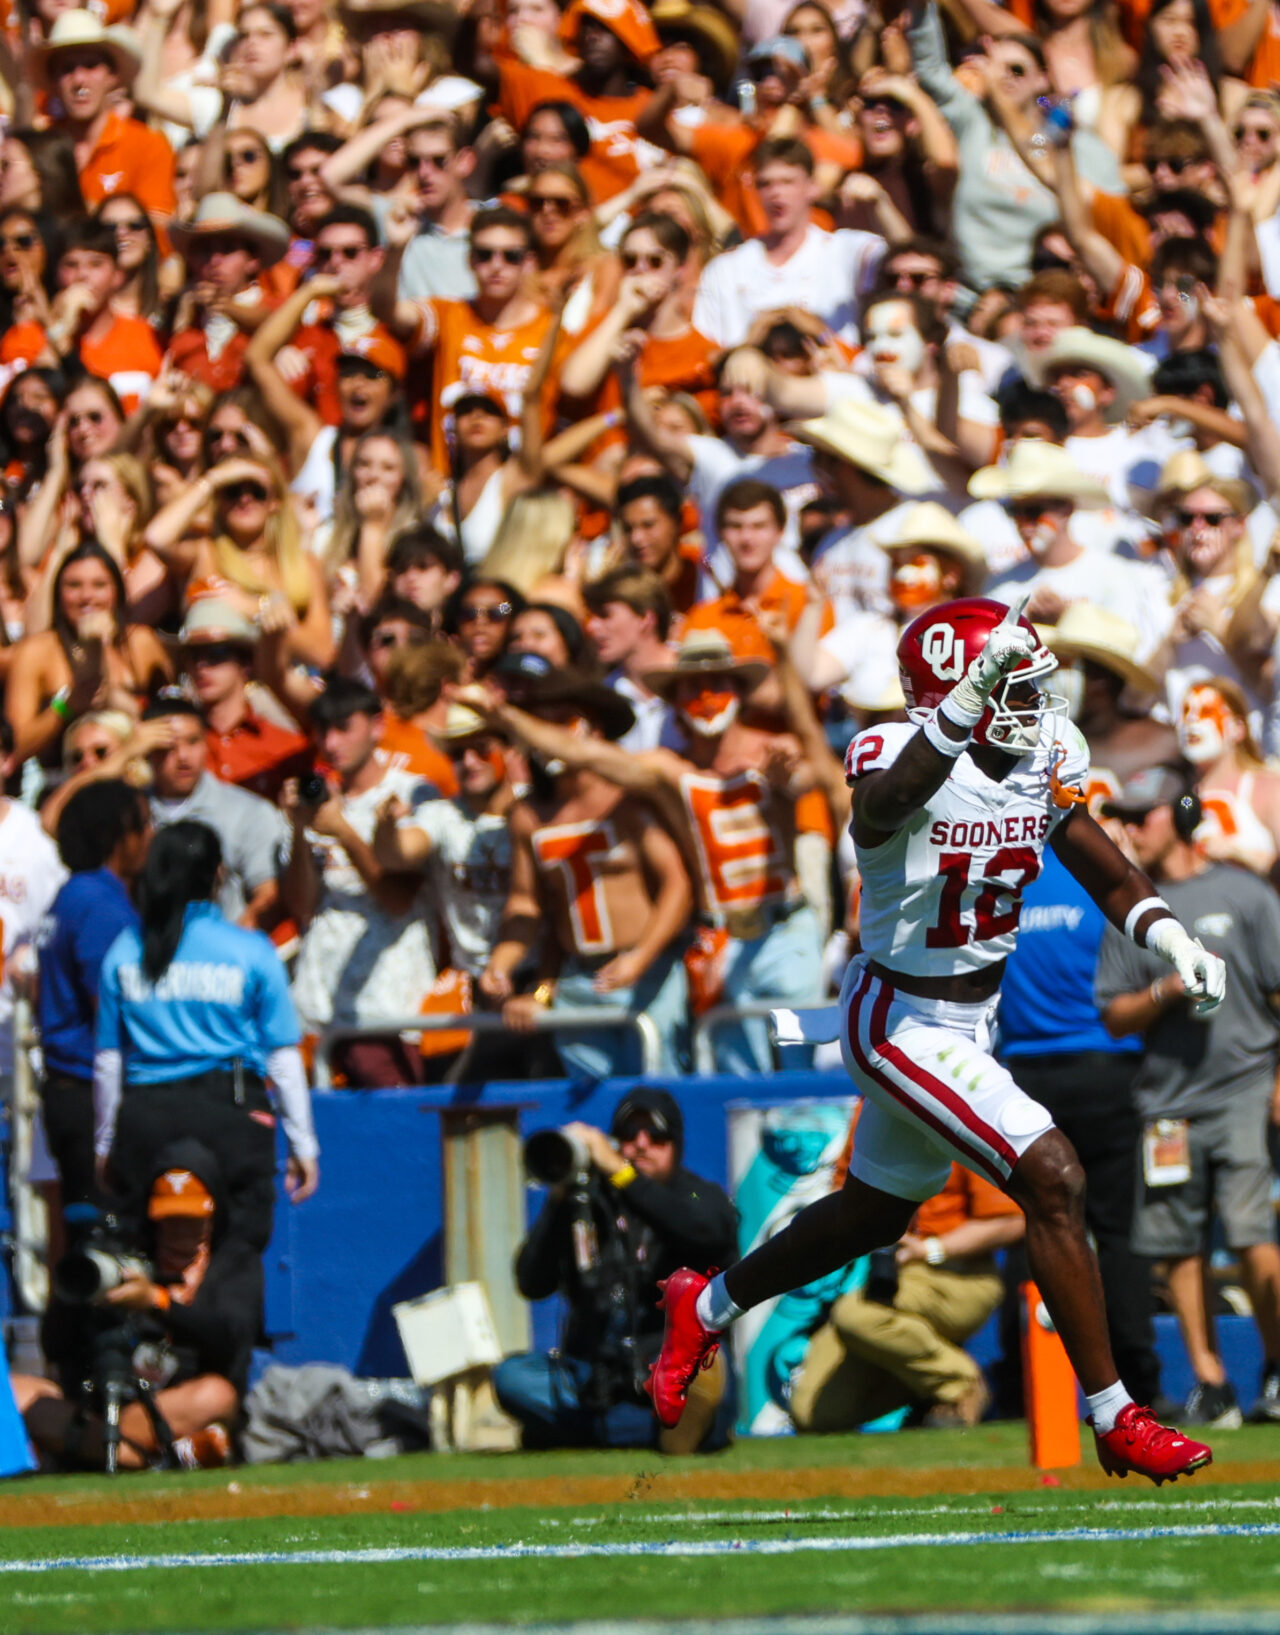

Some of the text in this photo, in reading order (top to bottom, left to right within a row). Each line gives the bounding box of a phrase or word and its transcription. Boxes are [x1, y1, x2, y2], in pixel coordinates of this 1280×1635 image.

[922, 623, 965, 682] OU
[847, 735, 884, 776] 12
[929, 814, 1053, 848] SOONERS
[925, 846, 1041, 949] 12

+--

* [Task directions]
Rewrite the data above exactly as given, but omit the images.

* [Your response]
Some of the text in this photo, in reading order (top to bottom, left to right within a row). Each line gives the bounding box of a phrase or word and its transcription. Boxes are [x1, y1, x2, y2], in pixel coordinates of this 1280×1635 image.

[922, 623, 965, 682] OU
[847, 735, 884, 776] 12
[929, 814, 1053, 848] SOONERS
[925, 846, 1041, 949] 12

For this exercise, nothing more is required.